BEGIN DATA

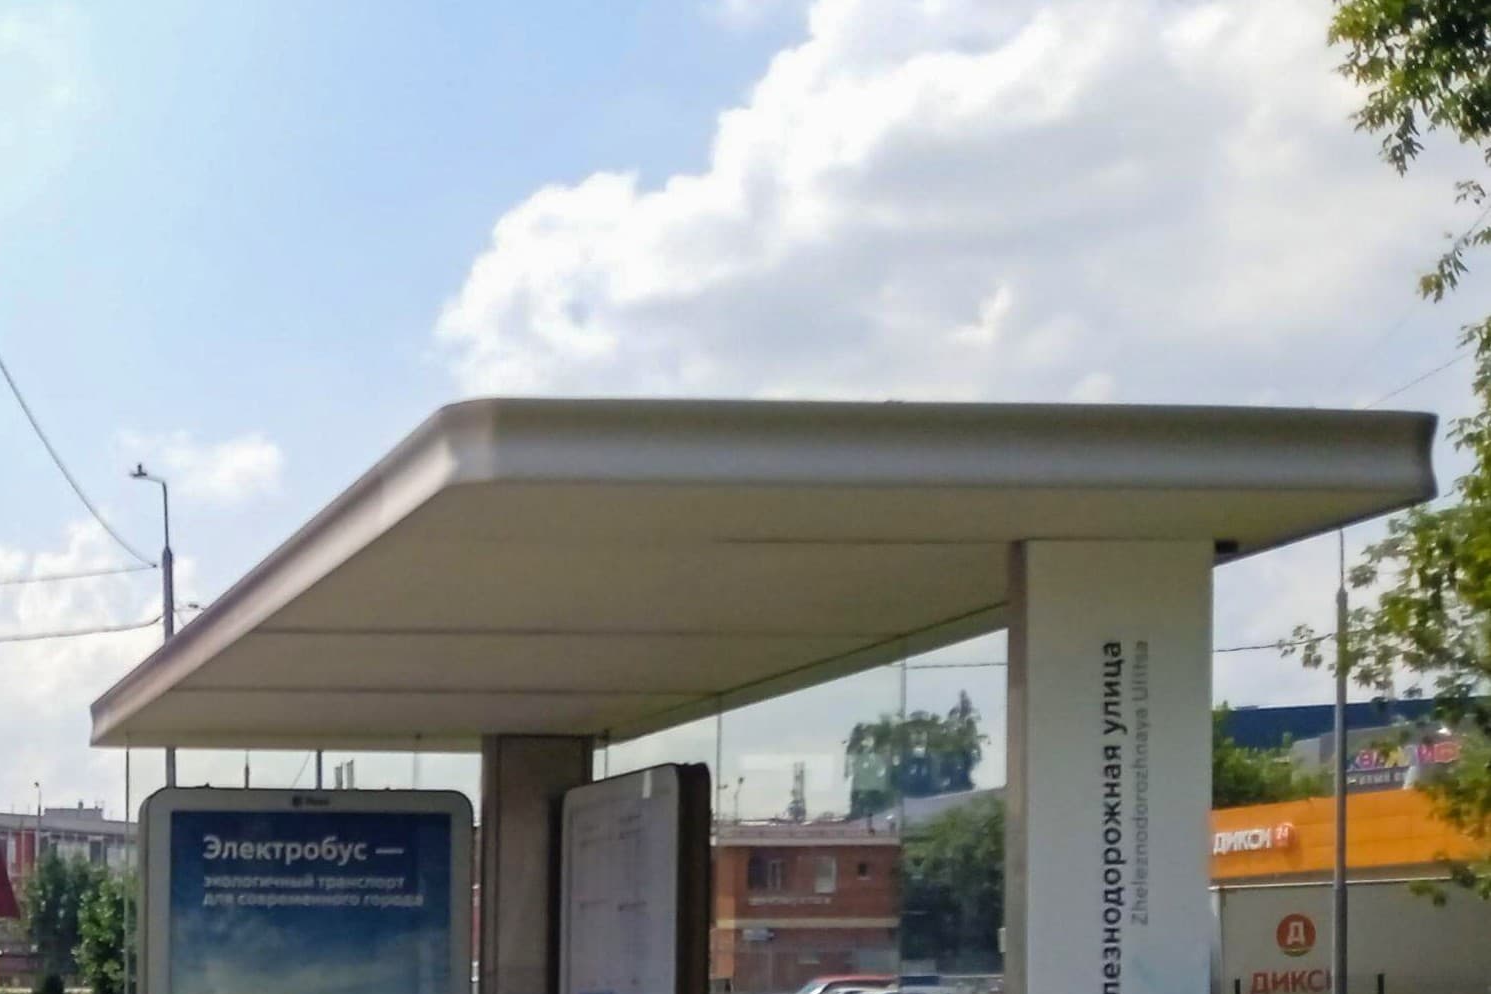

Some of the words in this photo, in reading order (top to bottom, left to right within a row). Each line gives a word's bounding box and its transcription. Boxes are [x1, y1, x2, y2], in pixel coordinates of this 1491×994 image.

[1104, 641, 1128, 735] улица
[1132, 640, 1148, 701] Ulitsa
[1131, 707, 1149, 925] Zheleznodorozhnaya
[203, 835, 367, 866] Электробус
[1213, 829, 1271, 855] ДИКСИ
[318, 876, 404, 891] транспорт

END DATA

# TASK TO COMPLETE
I would like the data above transcribed exactly, with its pictures left out.

# THE ANSWER
Some of the words in this photo, in reading order (top to bottom, left to right within a row). Each line gives a word's bounding box and its transcription. Boxes are [x1, y1, x2, y2], in pixel coordinates of this 1491×994 image.

[1104, 641, 1128, 735] улица
[1132, 640, 1148, 701] Ulitsa
[1131, 707, 1149, 925] Zheleznodorozhnaya
[203, 835, 367, 866] Электробус
[1213, 829, 1271, 855] ДИКСИ
[318, 876, 404, 891] транспорт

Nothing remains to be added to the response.